Start of RECORDS SUPPLIED
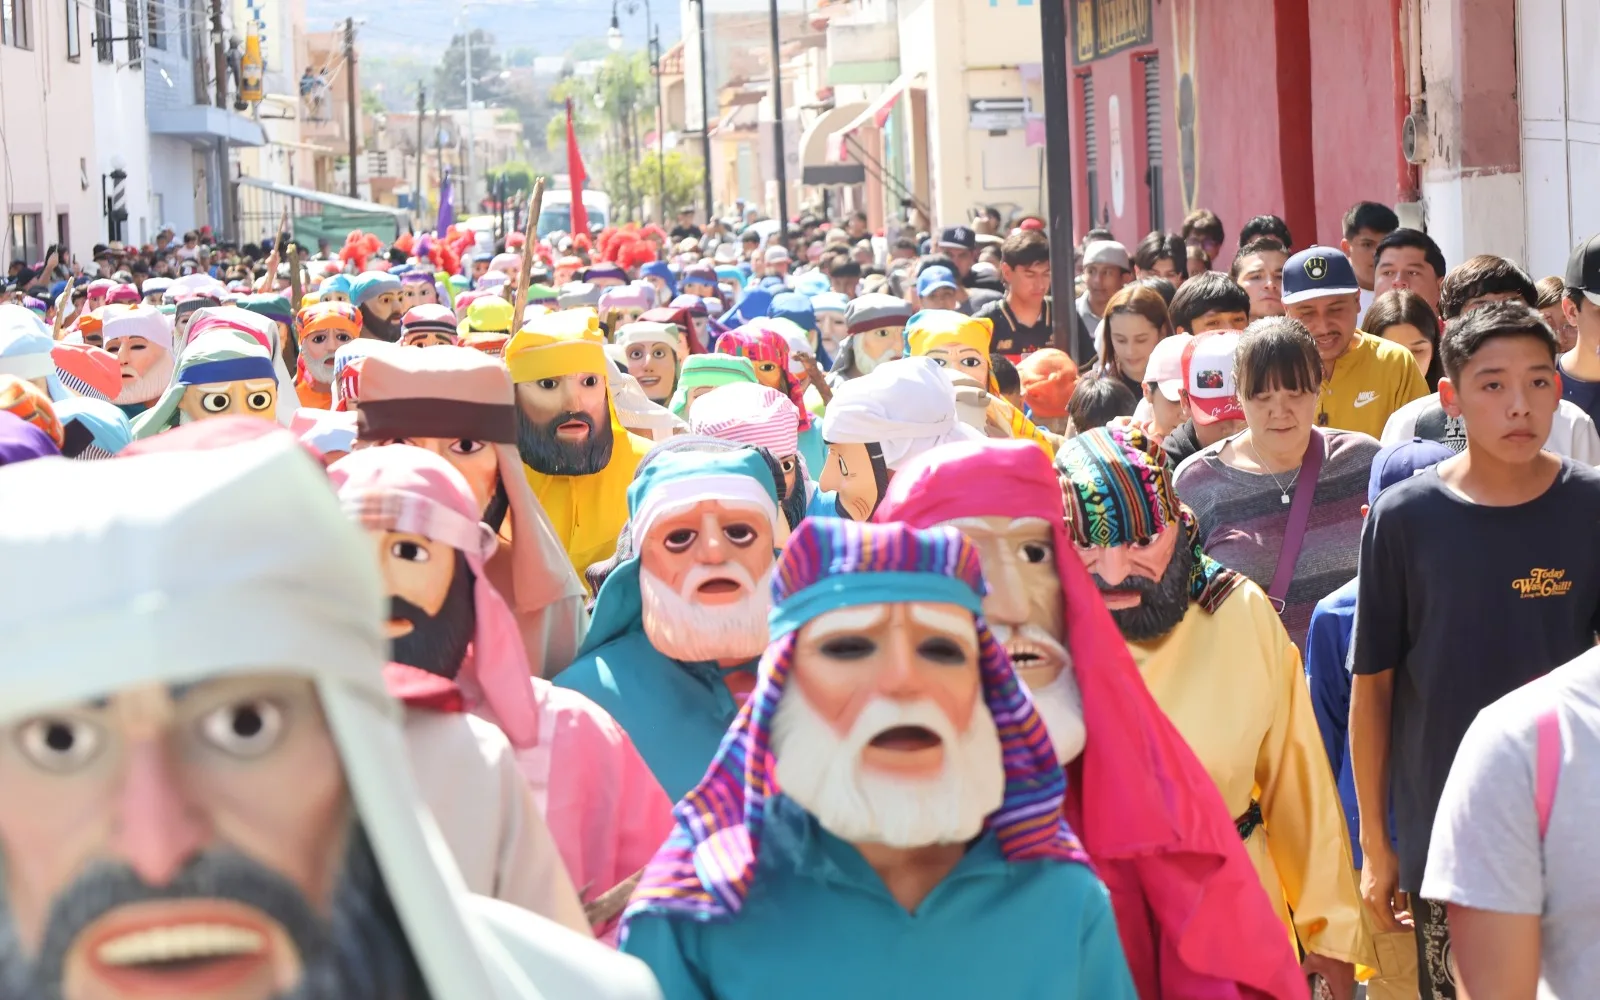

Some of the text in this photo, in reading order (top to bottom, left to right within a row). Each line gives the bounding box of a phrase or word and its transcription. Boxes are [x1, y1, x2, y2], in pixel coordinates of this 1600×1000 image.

[1357, 390, 1375, 401] NIKE
[1530, 568, 1565, 584] Today
[1512, 578, 1572, 597] Was Chill!
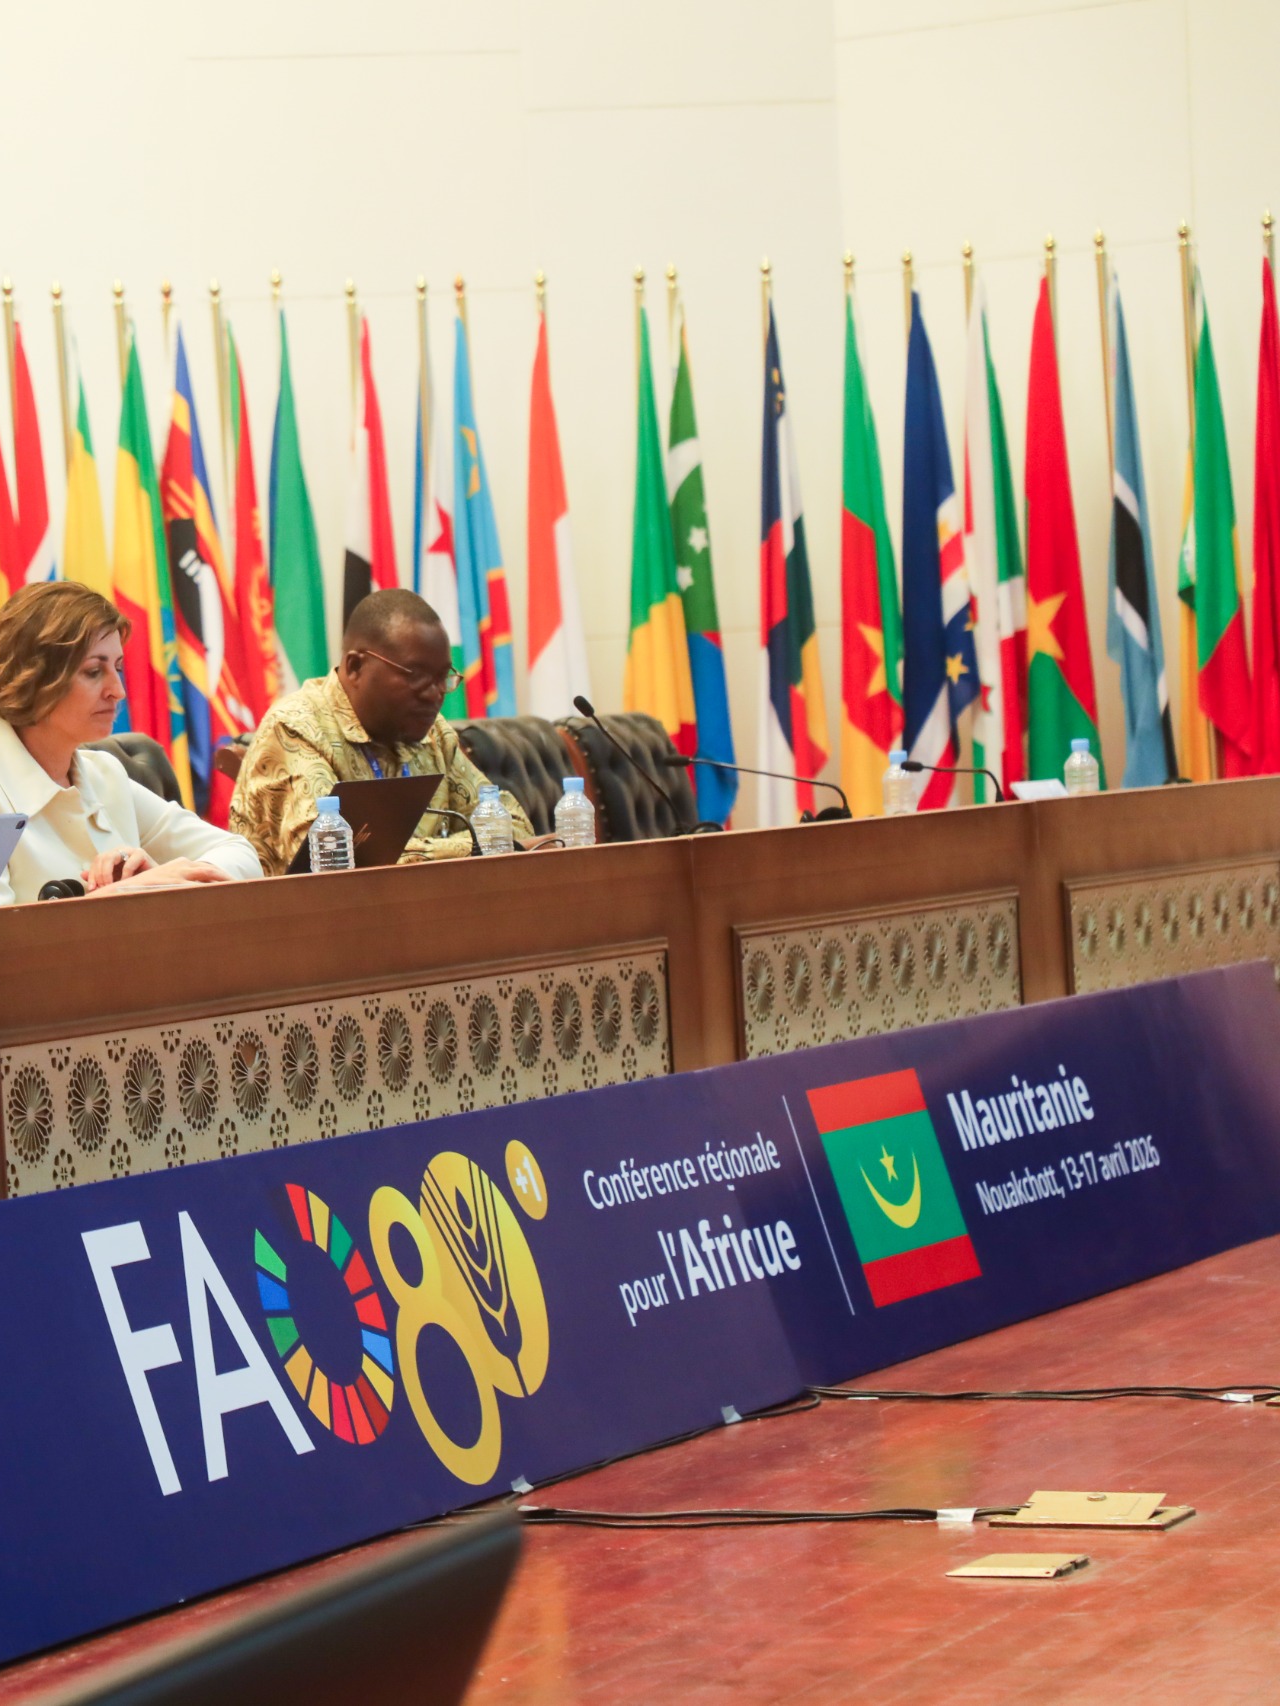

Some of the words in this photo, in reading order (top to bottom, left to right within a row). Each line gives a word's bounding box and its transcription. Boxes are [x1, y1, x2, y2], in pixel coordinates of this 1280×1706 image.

[946, 1063, 1095, 1152] Mauritanie
[583, 1157, 699, 1210] Conférence
[975, 1164, 1066, 1216] Nouakchott,
[1060, 1151, 1099, 1191] 13-17
[1098, 1141, 1131, 1181] avril
[1124, 1134, 1161, 1173] 2026
[81, 1183, 395, 1496] FAO
[619, 1273, 670, 1328] pour
End of RECORDS SUPPLIED
PROBLEM.
Only the pictures are to be left out; restate everything else in the listing word for word.

ANSWER BELOW.
Some of the text in this photo, in reading order (top to bottom, left to right within a row). Each line gives the bounding box of a phrase or word and its transcription. Boxes are [x1, y1, x2, y2], in pixel coordinates of this 1600×1000 image.

[1357, 390, 1375, 401] NIKE
[1530, 568, 1565, 584] Today
[1512, 578, 1572, 597] Was Chill!

Some of the words in this photo, in reading order (top to bottom, left to right within a row). Each line gives a word's bounding box and its transcription. Boxes are [x1, y1, x2, y2], in pixel coordinates of this 1280×1706 image.

[946, 1063, 1095, 1152] Mauritanie
[583, 1157, 699, 1210] Conférence
[975, 1164, 1066, 1216] Nouakchott,
[1060, 1151, 1099, 1191] 13-17
[1098, 1141, 1131, 1181] avril
[1124, 1134, 1161, 1173] 2026
[81, 1183, 395, 1496] FAO
[619, 1273, 670, 1328] pour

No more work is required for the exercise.